Di bawah 10kVA, desain UPS tanpa transformator mendominasi pasar pasokan daya tak terputus online dan telah menjadi standar dalam lingkungan pusat data karena mereka menawarkan jejak yang lebih ringkas, efisiensi operasi yang lebih tinggi, dan output suara yang lebih rendah. Namun, kekuatan dari desain berbasis trafo ikut bermain di lingkungan industri.
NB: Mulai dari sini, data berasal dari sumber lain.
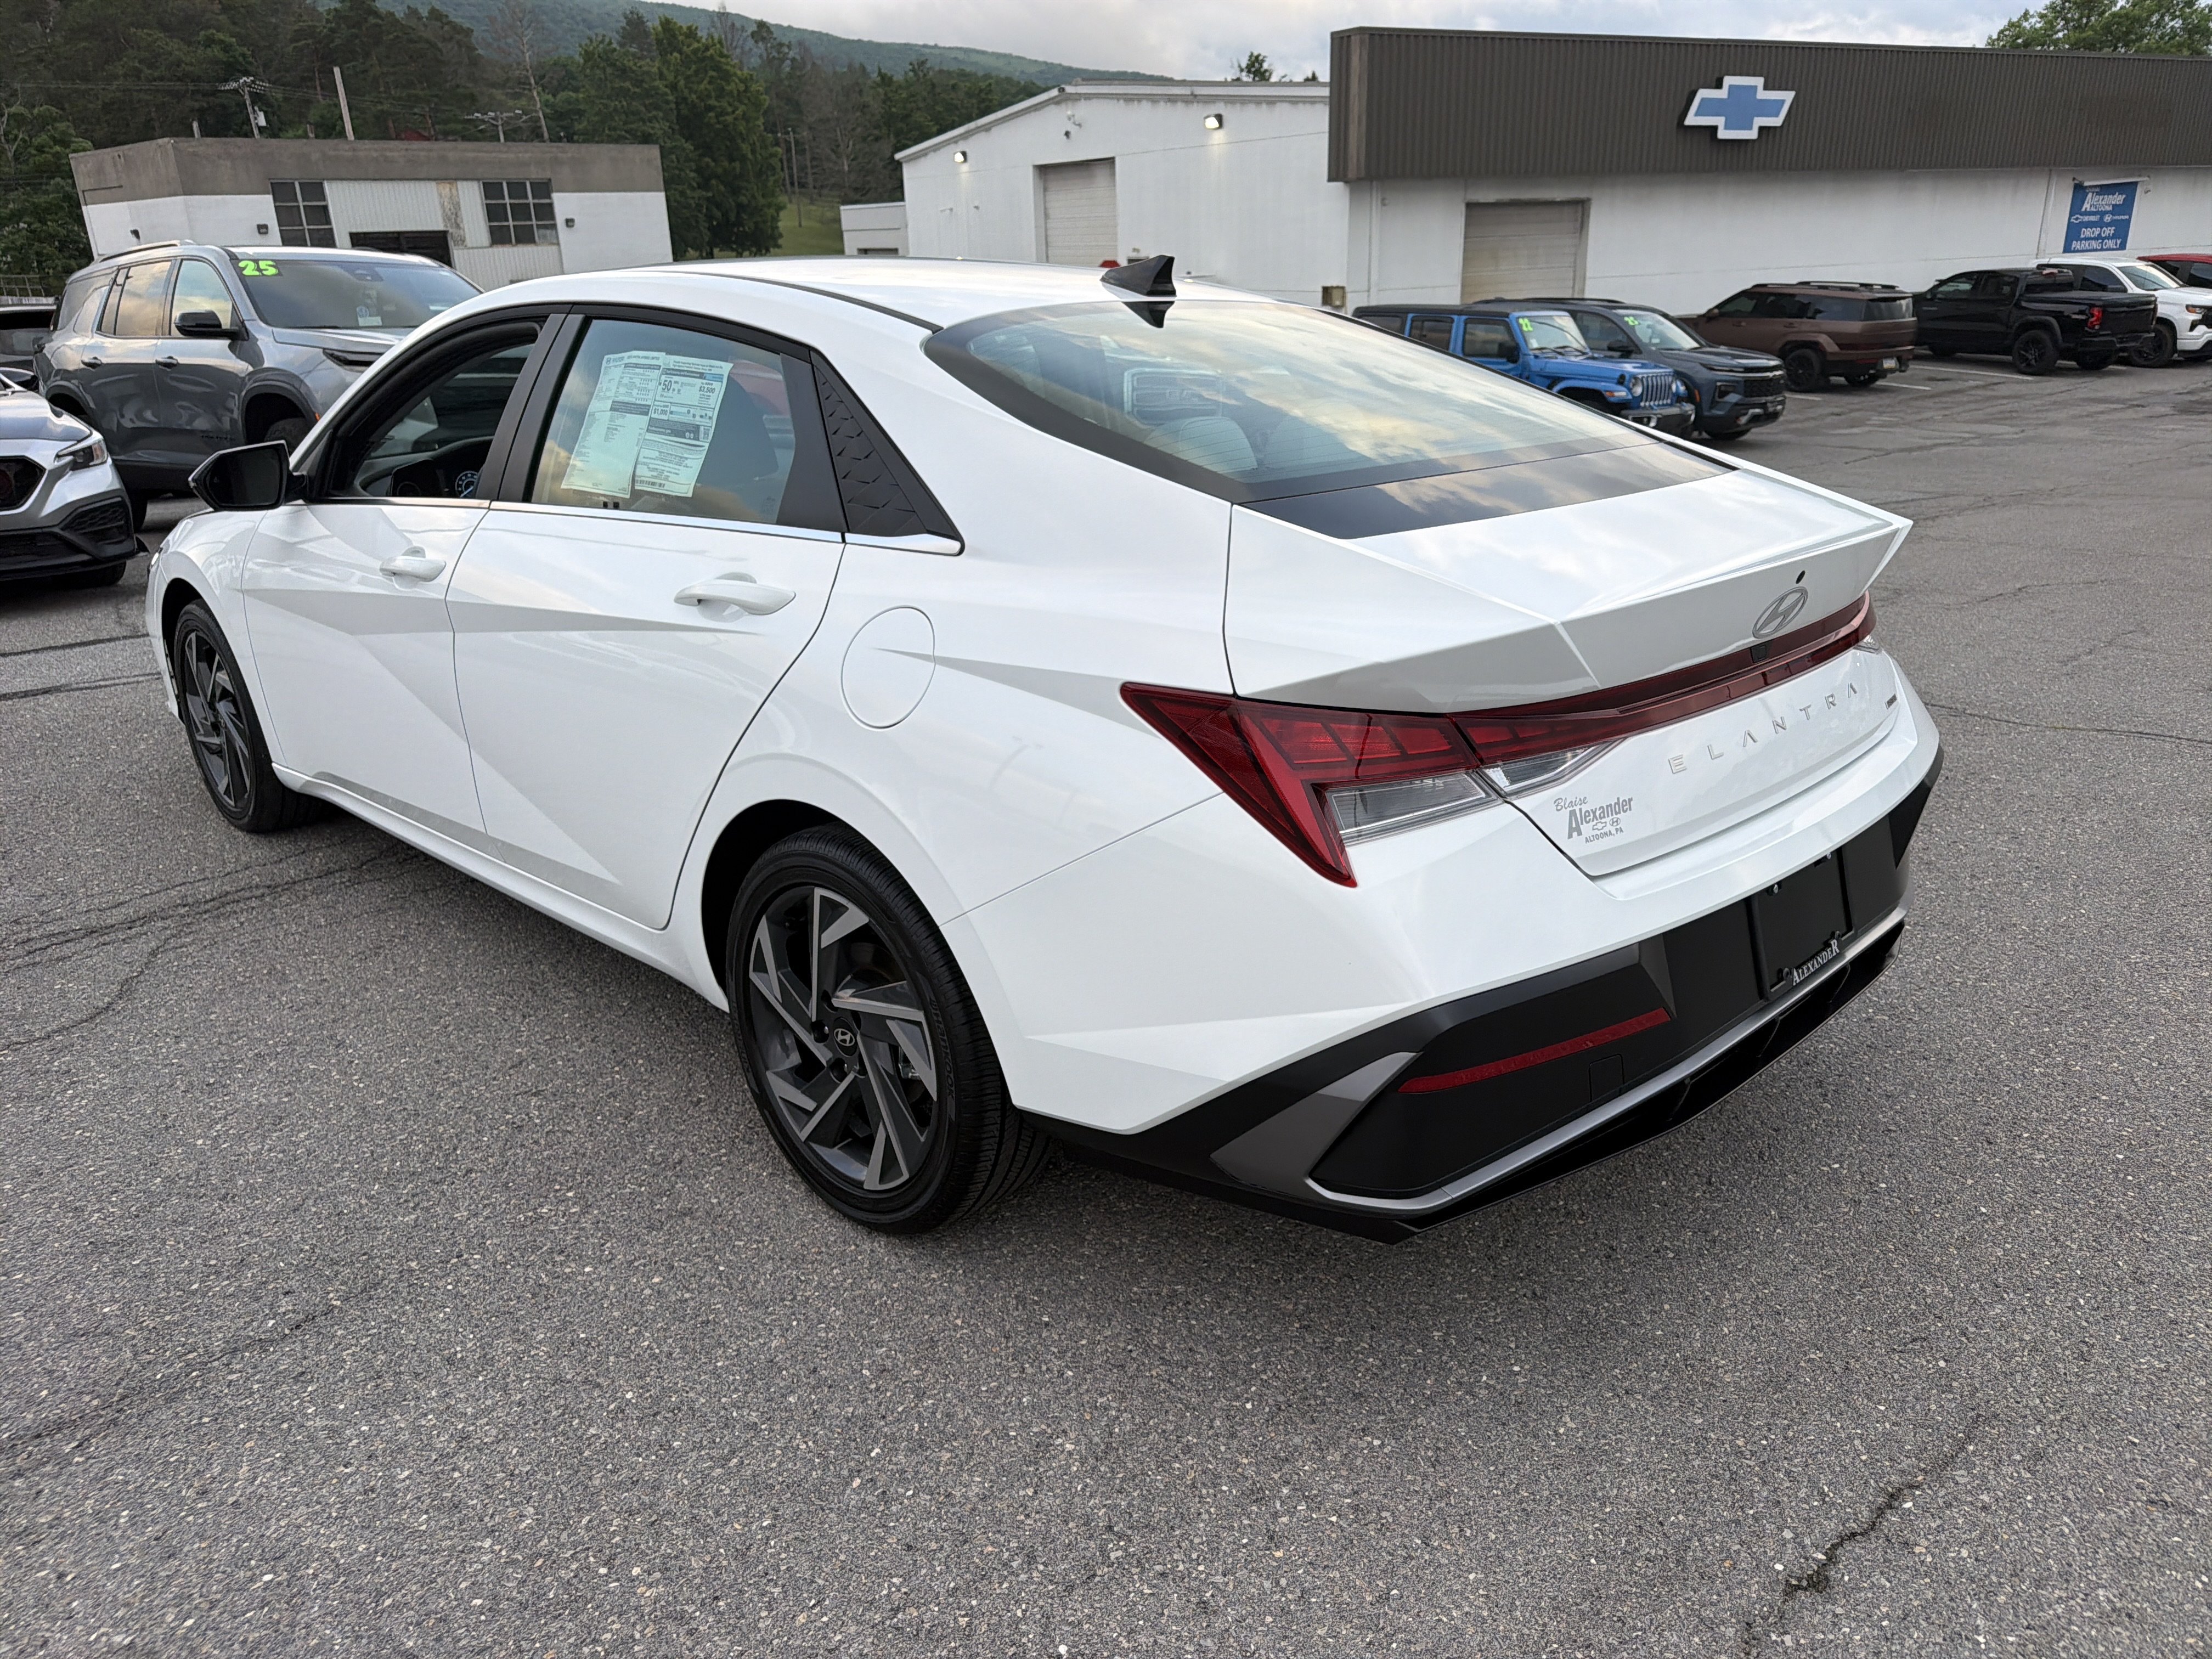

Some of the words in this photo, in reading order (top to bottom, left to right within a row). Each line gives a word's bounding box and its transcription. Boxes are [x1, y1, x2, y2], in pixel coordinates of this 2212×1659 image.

[2081, 192, 2126, 211] Alexander
[2081, 228, 2101, 238] DROP
[2101, 227, 2115, 237] OFF
[2072, 240, 2102, 250] PARKING
[2103, 239, 2121, 249] ONLY
[238, 260, 279, 276] 25
[662, 380, 673, 392] 50
[698, 386, 716, 394] $3,500
[1668, 682, 1858, 774] ELANTRA
[1553, 796, 1588, 812] Blaise
[1567, 797, 1633, 840] Alexander
[1585, 830, 1615, 844] ALTOONA,
[1616, 826, 1624, 835] PA
[1793, 939, 1840, 986] ALEXANDER
Menghitung Catu Daya untuk Lampu Strip LED

Jika Anda berencana memasang lampu strip LED (juga dikenal sebagai pita LED) Anda harus dapat menghitung daya yang diperlukan secara akurat. Memiliki pasokan listrik yang tidak memadai akan menyebabkan hanya beberapa (atau tidak ada) dari LED menyala, atau dapat menyebabkan flicker iritasi. Catu daya yang lebih spesifik akan lebih mahal untuk dibeli, dan juga akan lebih sulit untuk dipasang karena ukurannya lebih besar.

Untuk menghitung pasokan daya yang diperlukan untuk lampu strip LED baru Anda, Anda perlu tahu:

  • Panjang strip atau pita
  • Jumlah LED per meter
  • Konsumsi daya per LED

Untuk menghitung ukuran catu daya (dalam Amps) Anda perlu mengalikan panjang pita LED dengan jumlah LED per meter dan kemudian mengalikannya dengan kekuatan LED (0,08w hingga 0,24w per LED adalah nilai-nilai tipikal ). Kemudian bagi nilainya dengan 12 volt untuk menghitung Amperage yang dibutuhkan dari power supply.
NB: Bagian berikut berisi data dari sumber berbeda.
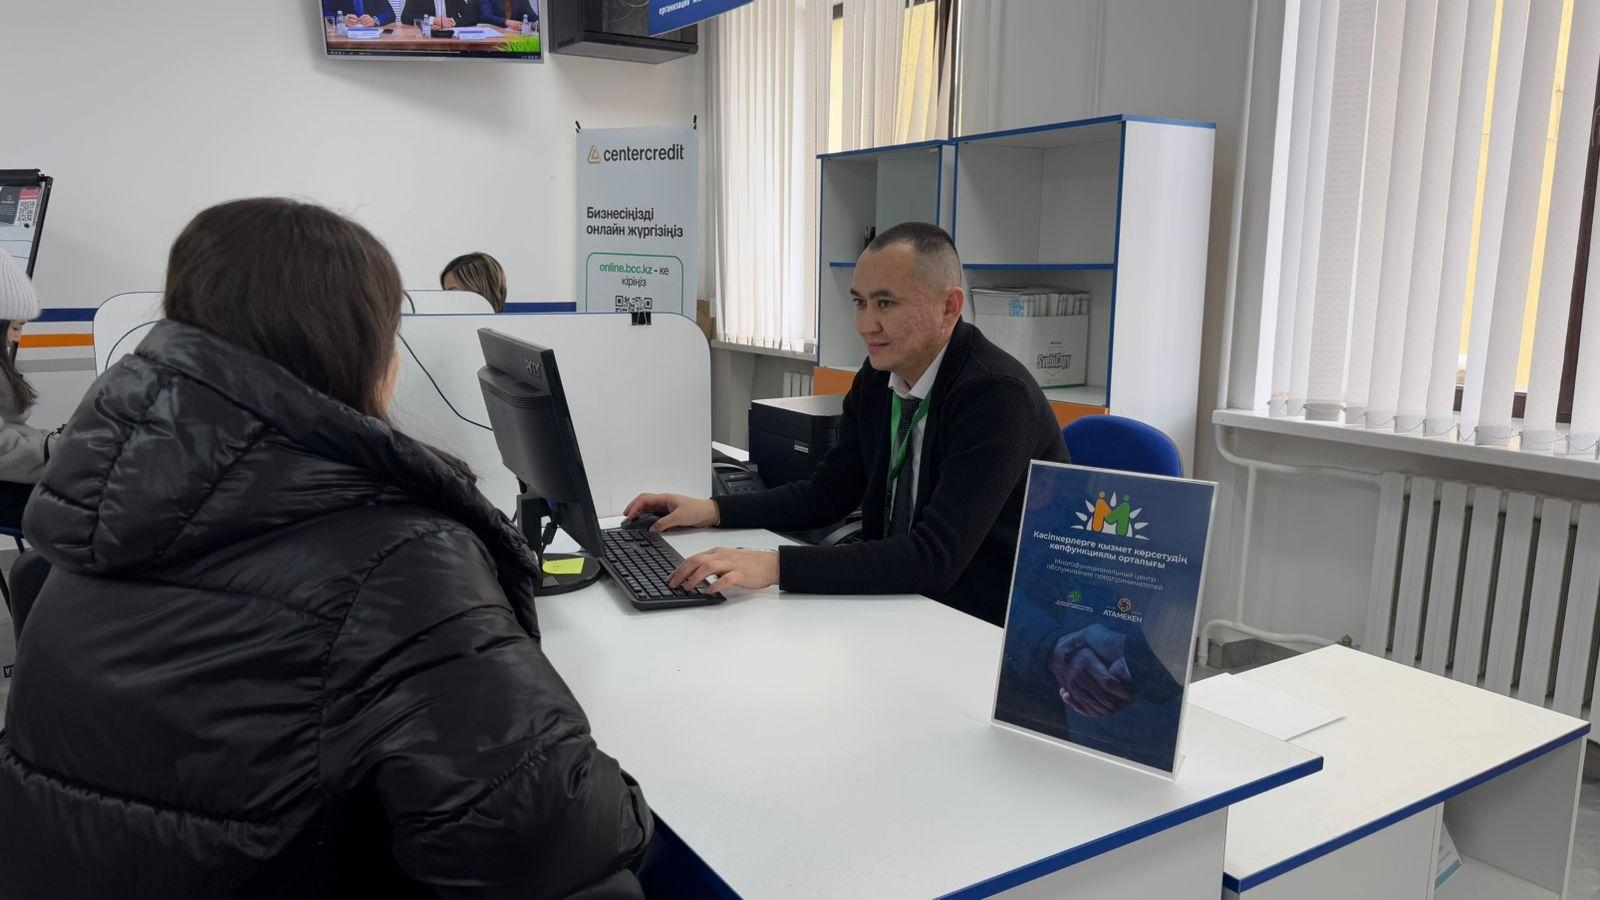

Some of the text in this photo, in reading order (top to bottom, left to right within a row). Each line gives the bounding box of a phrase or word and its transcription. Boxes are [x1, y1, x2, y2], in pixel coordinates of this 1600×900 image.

[603, 144, 684, 162] centercredit
[586, 206, 654, 222] Бизнесіңізді
[586, 223, 684, 239] онлайн жүргізіңіз
[599, 262, 653, 275] online.bcc.kz
[621, 276, 647, 288] кіріңіз
[1098, 543, 1132, 555] қызмет
[1118, 554, 1166, 570] орталығы
[1103, 609, 1143, 623] АТАМЕКЕН
(Panjang LED Strip x LED per Meter x Daya LED) / 12

Kami sarankan Anda menambahkan setidaknya 10% ke nilai yang dihitung untuk memungkinkan resistensi dan kerugian dalam kabel. Anda juga harus memperbolehkan kemungkinan penambahan atau penambahan di masa depan. Kebanyakan Lampu LED Strip dapat memiliki bagian tambahan yang ditambahkan menggunakan kabel sambungan.

Contoh Perhitungan:

Contoh 1: Gulungan 5m dari SMD3528 (0,08w) dengan 60LED / m akan menjadi: (5m x 60 x 0,08) / 12 = 2amps + 10% = 2.2Amps.

Contoh 2: Gulungan 5m dari SMD5050 dengan 60LED / m akan menjadi: (5m x 60 x 0,24) / 12 = 6amps + 10% = 6.6 Amps.

Untuk setiap strip LED sepanjang lebih dari 2 meter Anda dapat memberikan umpan 12volt ke kedua ujung strip atau satu umpan di tengah, dengan memotong strip menjadi dua dan menghubungkan catu daya ke kedua strip. Ini memberikan distribusi daya yang lebih merata dan harus memberikan iluminasi yang lebih konsisten.

Penggunaan LED Strip Light

Ada dua alasan utama untuk menggunakan strip LED. Salah satunya adalah efisiensi – lampu LED sangat efisien, dengan sebagian besar daya akan menghasilkan cahaya, bukan panas. Kehidupan mereka yang sangat panjang (20.000 jam adalah khas) berarti bahwa mereka juga tidak perlu diganti sangat sering, yang menyebabkan biaya hidup sangat berkurang.

Alasan lainnya adalah estetika. Lampu LED dapat dibuat sangat kecil – beberapa strip pencahayaan LED setipis 4mm – dan dapat dipasang di tempat-tempat di mana lampu tradisional tidak muat. Tambahkan ke ini berbagai opsi warna LED, termasuk LED RGB dengan kemampuan mengubah warna dikendalikan jarak jauh. Ini memberikan berbagai kemungkinan efek pencahayaan baru yang secara dramatis dapat mengubah tampilan ruangan.